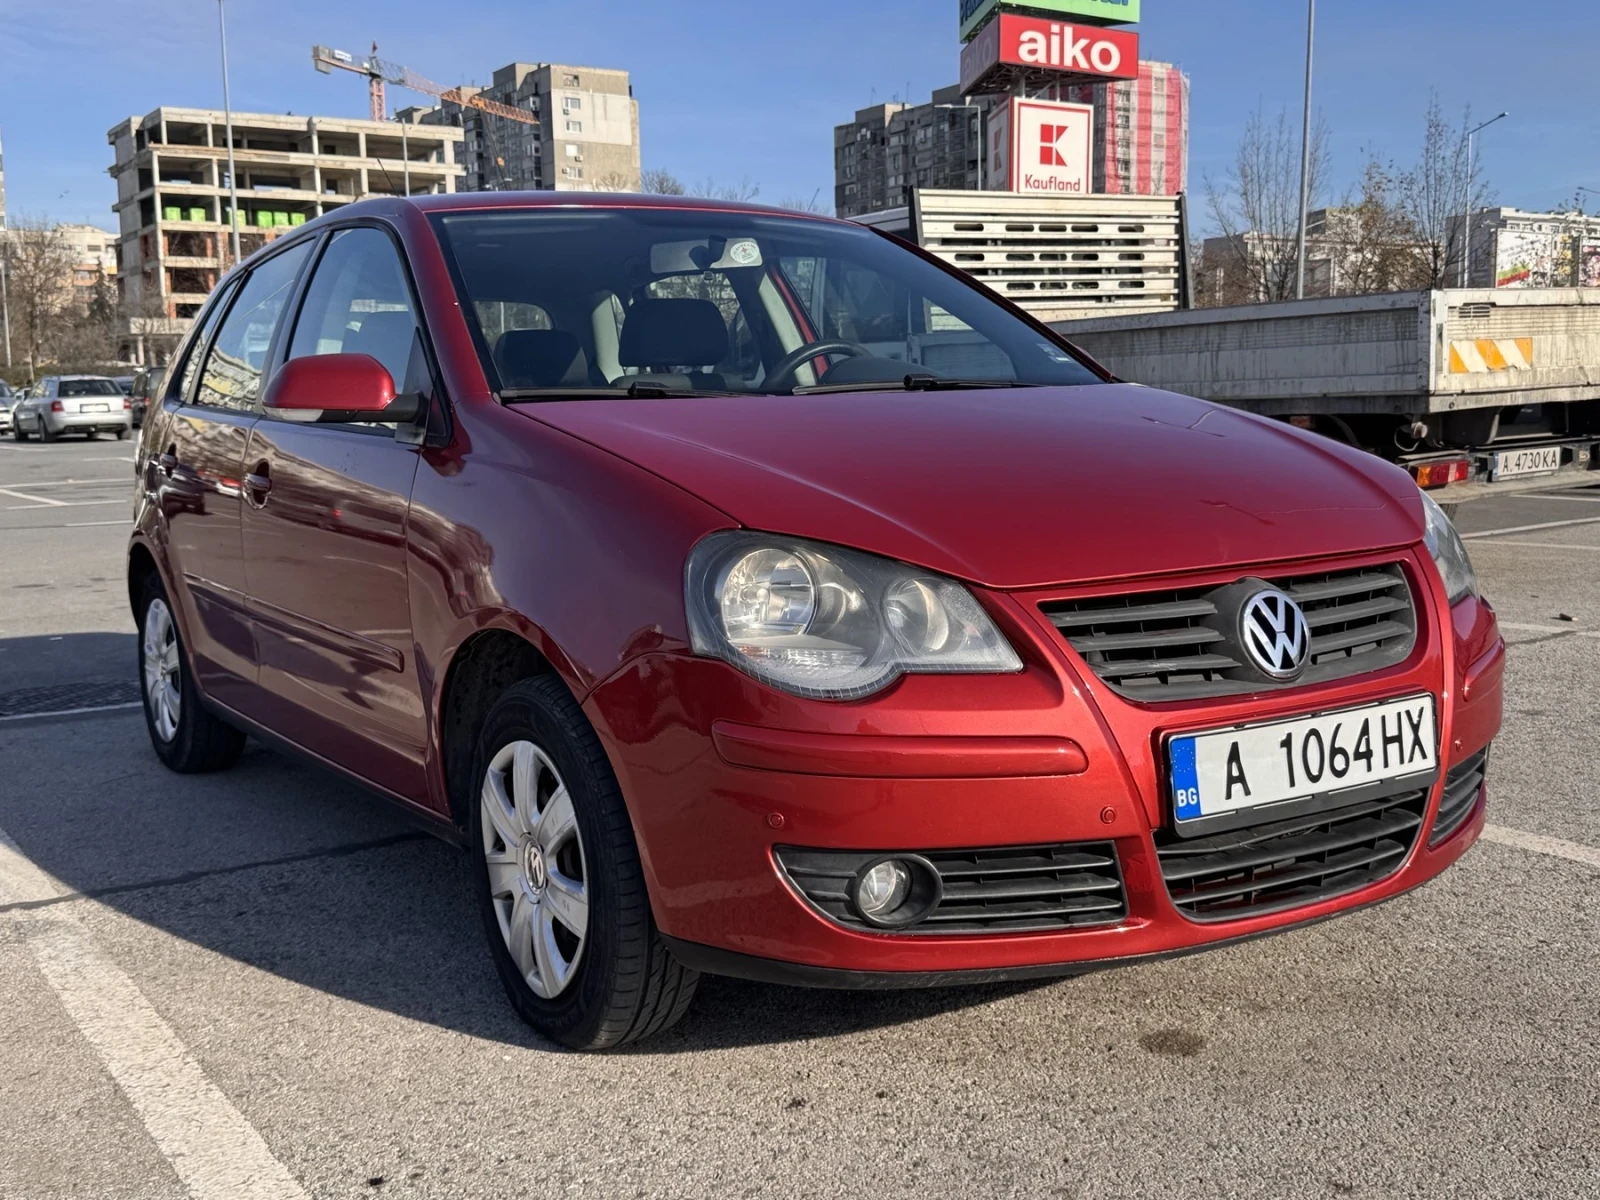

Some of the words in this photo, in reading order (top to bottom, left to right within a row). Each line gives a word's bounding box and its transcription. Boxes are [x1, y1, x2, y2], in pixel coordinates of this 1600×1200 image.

[1018, 24, 1120, 73] aiko
[1024, 174, 1081, 192] Kaufland
[1225, 741, 1251, 800] A
[1177, 788, 1198, 807] BG
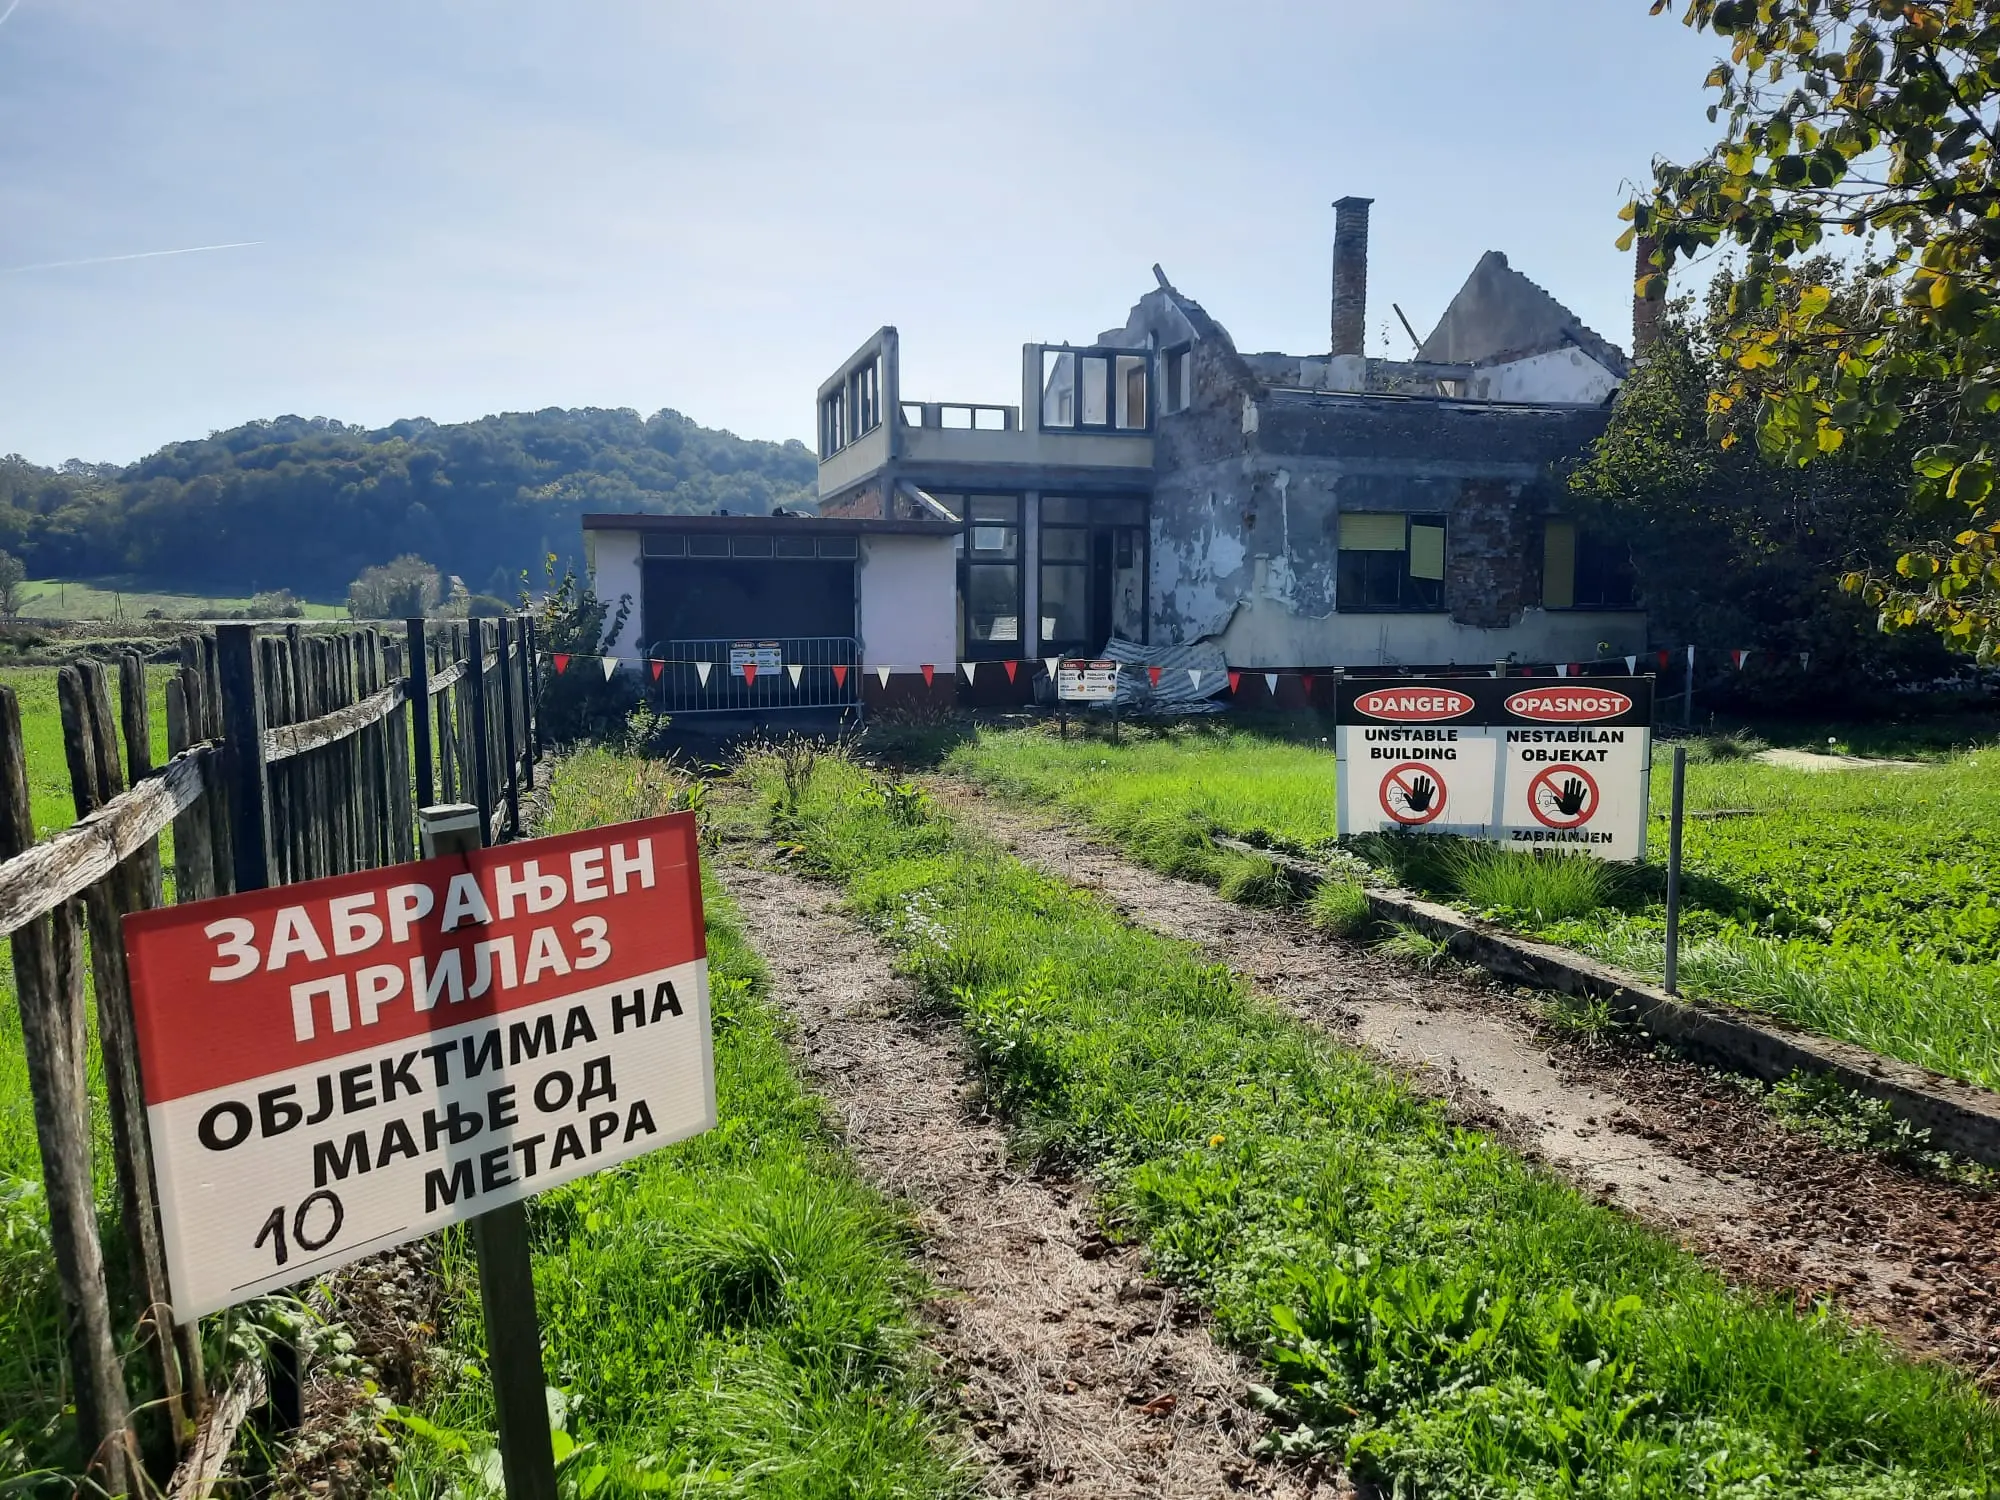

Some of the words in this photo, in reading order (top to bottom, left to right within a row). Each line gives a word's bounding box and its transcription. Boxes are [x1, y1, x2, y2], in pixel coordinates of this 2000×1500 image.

[1368, 697, 1460, 712] DANGER
[1511, 697, 1624, 712] OPASNOST
[1365, 729, 1458, 742] UNSTABLE
[1506, 730, 1624, 743] NESTABILAN
[1370, 747, 1457, 760] BUILDING
[1521, 749, 1608, 762] OBJEKAT
[1511, 830, 1613, 844] ZABRANJEN
[204, 838, 656, 983] ЗАБРАЊЕН
[290, 915, 613, 1043] ПРИЛАЗ
[197, 1005, 598, 1151] ОБЈЕКТИМА
[611, 980, 684, 1035] НА
[313, 1085, 519, 1189] МАЊЕ
[533, 1055, 617, 1113] ОД
[424, 1100, 657, 1214] МЕТАРА
[253, 1189, 344, 1266] 10

━━━

All of the lines above should be retyped precisely, apart from the pictures.

# Response box
Some of the words in this photo, in reading order (top to bottom, left to right within a row). Each line gives a word's bounding box and its transcription. Boxes are [x1, y1, x2, y2], in pixel coordinates of this 1600×1200 image.

[1018, 24, 1120, 73] aiko
[1024, 174, 1081, 192] Kaufland
[1225, 741, 1251, 800] A
[1177, 788, 1198, 807] BG

Some of the words in this photo, in reading order (top to bottom, left to right within a row). Each line gives a word's bounding box and its transcription. Boxes are [x1, y1, x2, y2], in pixel coordinates of this 2000×1500 image.

[1368, 697, 1460, 712] DANGER
[1511, 697, 1624, 712] OPASNOST
[1365, 729, 1458, 742] UNSTABLE
[1506, 730, 1624, 743] NESTABILAN
[1370, 747, 1457, 760] BUILDING
[1521, 749, 1608, 762] OBJEKAT
[1511, 830, 1613, 844] ZABRANJEN
[204, 838, 656, 983] ЗАБРАЊЕН
[290, 915, 613, 1043] ПРИЛАЗ
[197, 1005, 598, 1151] ОБЈЕКТИМА
[611, 980, 684, 1035] НА
[313, 1085, 519, 1189] МАЊЕ
[533, 1055, 617, 1113] ОД
[424, 1100, 657, 1214] МЕТАРА
[253, 1189, 344, 1266] 10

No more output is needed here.